Vedere è come abbaiare

Ieri mi è arrivata la riedizione di un classico: “Colazione sull’erba” di Luigi Ghirri, riproposto da Mack (oltre alle foto dell’originale ce ne sono un centinaio dall’archivio).

Naturalmente è bellissimo e non è il caso che stia qui a dire il perché, ci sono saggi ovunque da leggere. È anche molto utile da avere in casa: non dico come un apribottiglie o un aspirapolvere, ma comunque utile perché produce il classico e liberatorio: «Ok tutto questo l’ha già fatto lui 40 anni fa, meglio passare oltre».

In un modo o nell’altro, senza volerlo, Ghirri lo copiamo tutti - uno dei molti Ghirri che si sono succeduti nell’arco di quei pochi anni: il suo è uno stile entrato nell’immaginario collettivo, almeno per noi italiani. Anzi fin troppo, è diventato un cliché, perfettamente instagrammabile, come tutte le cose che erano rivoluzionarie un tempo, ma non troppo tempo fa. Negli anni ‘70 io ero ragazzino e provavo a fotografare nello stile che allora era di moda (meglio non dire come…), Ghirri non lo conosceva nessuno e se allora l’avessi visto l’avrei schifato. Per fortuna poi ho smesso di fotografare per 40 anni e quando ho ricominciato, magicamente fotografavo “come lui” (vabbe’, non proprio, è per capirsi).

L’idea che vediamo o scattiamo “seguendo la nostra ispirazione” è in buona parte una sciocchezza: vediamo al 95% quel che conosciamo già, il restante 5% ci fa paura o schifo o non lo vediamo nemmeno. E per lo più ci piace quello che sta nella nostra comfort zone percettiva, ci “emoziona” quello che ci fa salivare e fare bau come il cane di Pavlov - il vero eroe dei nostri tempi, tra l’altro. Insomma, oggi sarebbe meglio fotografare come sarà di moda tra 40 anni, non com’era rivoluzionario 40 anni fa.
O almeno come è attuale oggi, non pretendiamo tanto.

Ma ecco che così siamo di nuovo fregati: Il faut être absolument moderne è un imperativo che si autosmentisce, come il caso Ghirri e infiniti altri dimostrano: crea una dialettica tra cool e kitsch e tra individuo e massa che si morde la coda, per non parlare dell’elemento disgustoso e coprofilo implicito nell’idea di un’aristocrazia del gusto e nell’isteria dell’autentico e della copia. Come diceva l’esimio: «La gente fa di tutto per distinguersi dagli altri, cioè dalla gente.

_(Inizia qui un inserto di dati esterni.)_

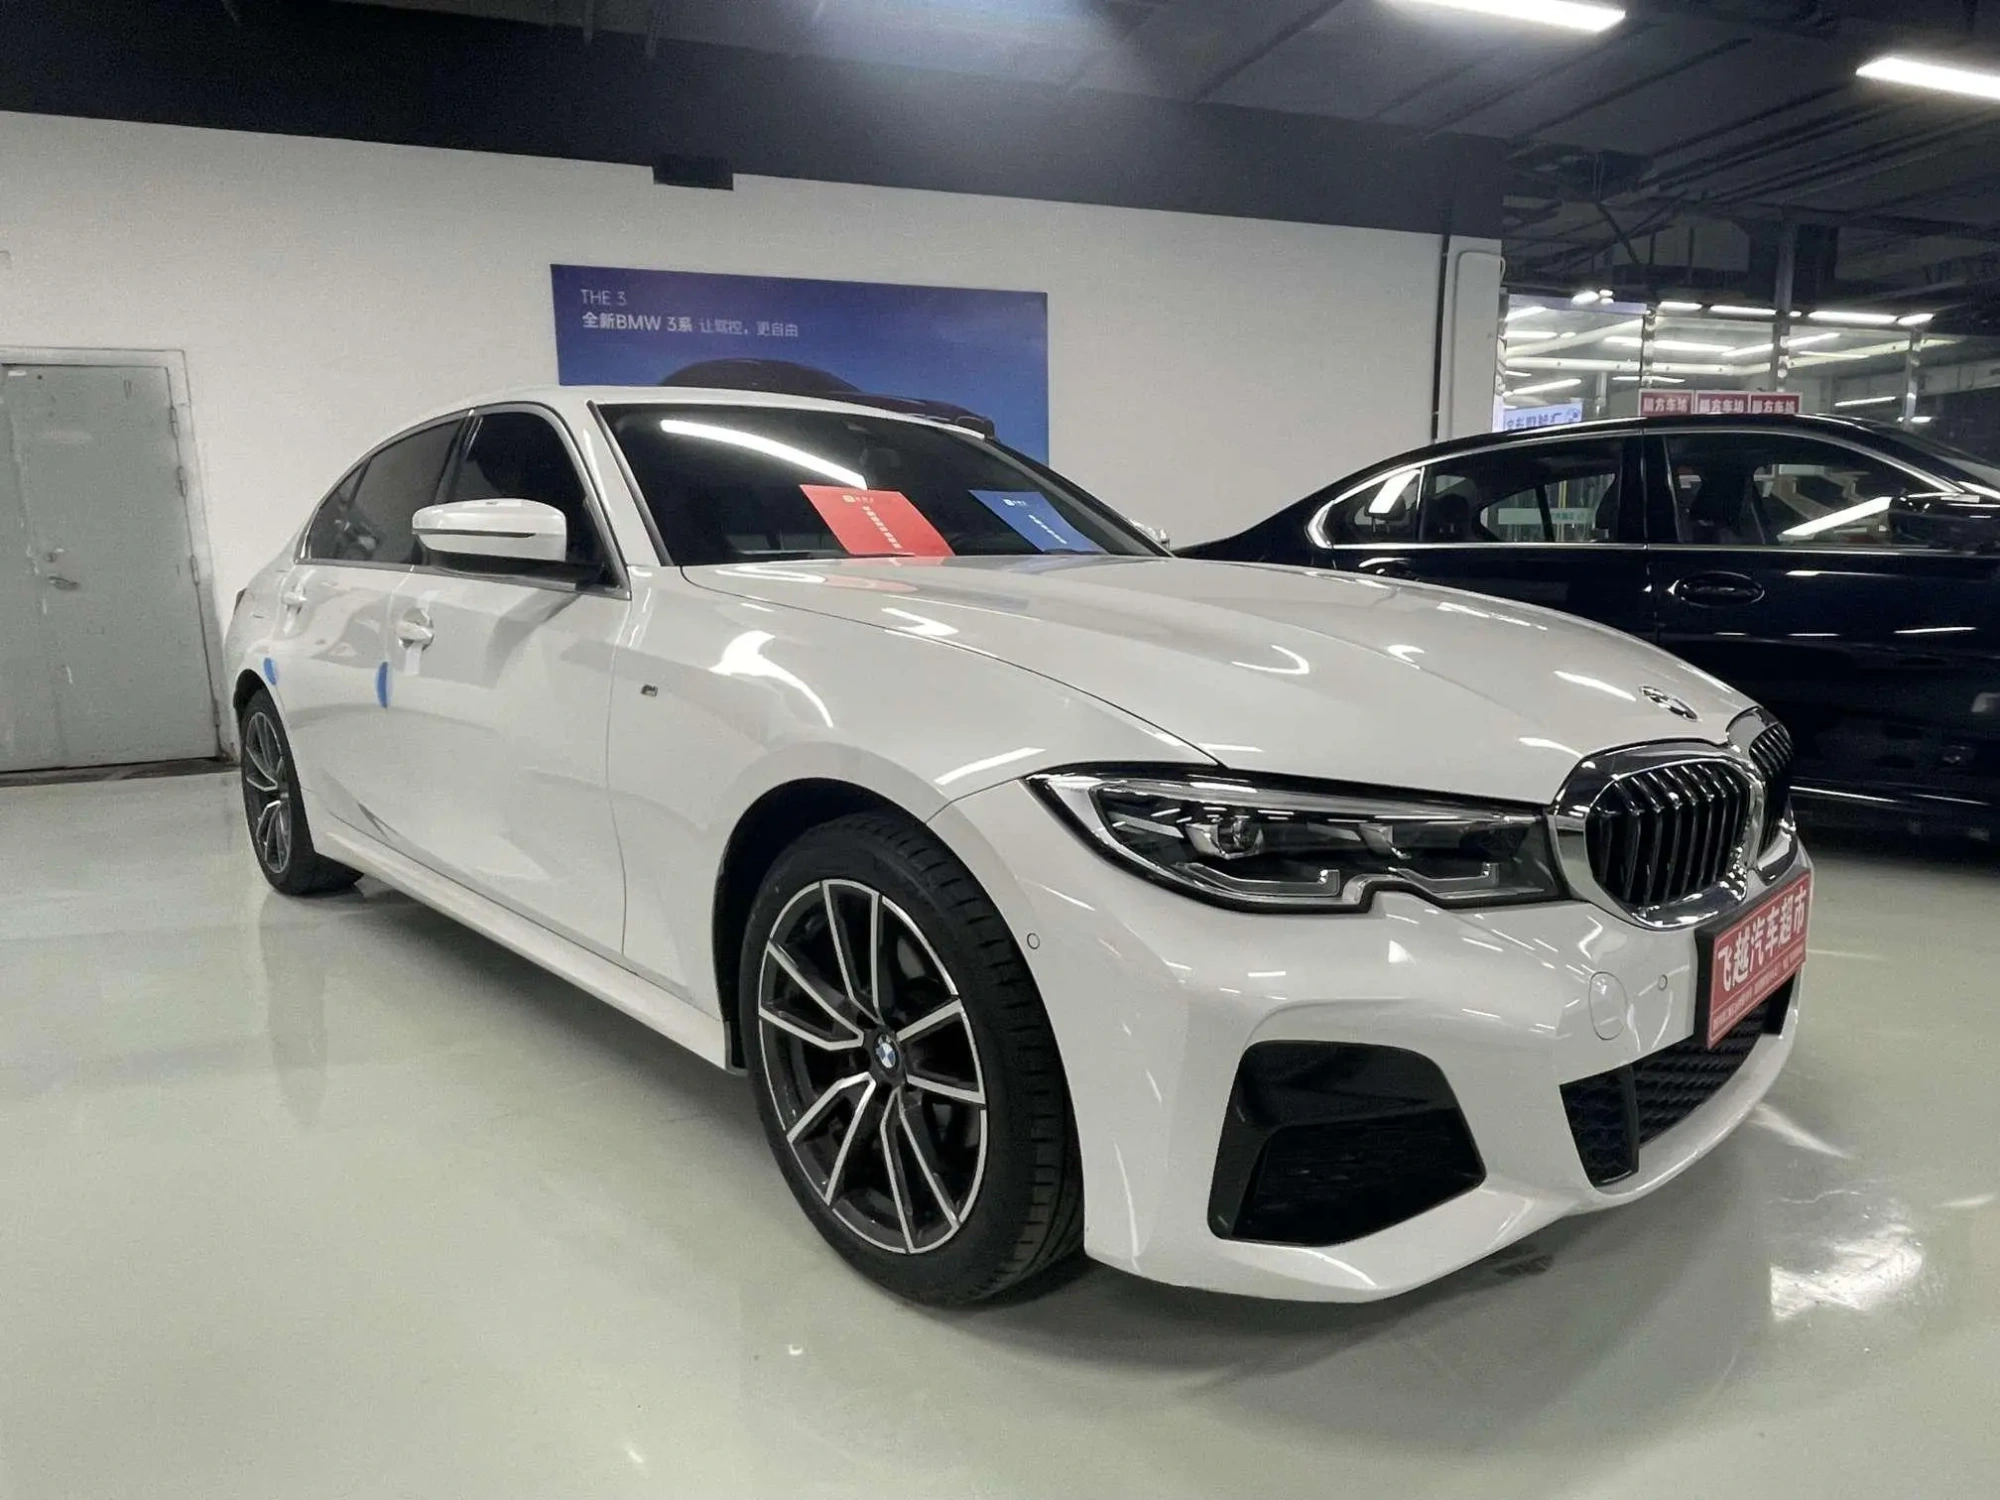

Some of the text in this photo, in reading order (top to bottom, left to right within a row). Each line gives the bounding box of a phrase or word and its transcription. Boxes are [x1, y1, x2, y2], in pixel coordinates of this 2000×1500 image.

[580, 289, 627, 306] THE 3
[582, 311, 662, 331] 全新BMW
[667, 316, 693, 333] 3系
[1718, 885, 1806, 992] 飞越汽车超市

Ma volersi distinguere dagli altri è ciò che in definitiva accomuna tutti, è insomma ciò che distingue l’esser gente. Quindi più la gente prova a distinguersi dalla gente, più lo diventa». (Giulio Bartolomeo Argano, La persona distinta e l’anonimato come stile di vita, Laterza, Bari, 2026, pag. 2038).

Ma se ora non volessimo più essere assolutamente moderni, vuol dire che lo saremmo ancora di più (siamo passati anche da qui, e Ghirri stesso è tra quelli che ci hanno portati nel postmodernismo per la porta più stretta, quella del doppio, del meta, del labirinto, insomma di Borges). Quindi non se ne esce. Oppure siamo già lontanissimi? Dove siamo, esattamente? Voi lo sapete? Siamo come i due militi che ci guardano da dietro il cane, nella foto qui sotto - o come il tizio a destra che si è imbucato all’ultimo momento sospettando qualcosa: guardiamo fisso e non abbiamo la più pallida idea di cosa ci stia accadendo. L’unico che forse sa qualcosa è il professor Pavlov, che infatti guarda il cane.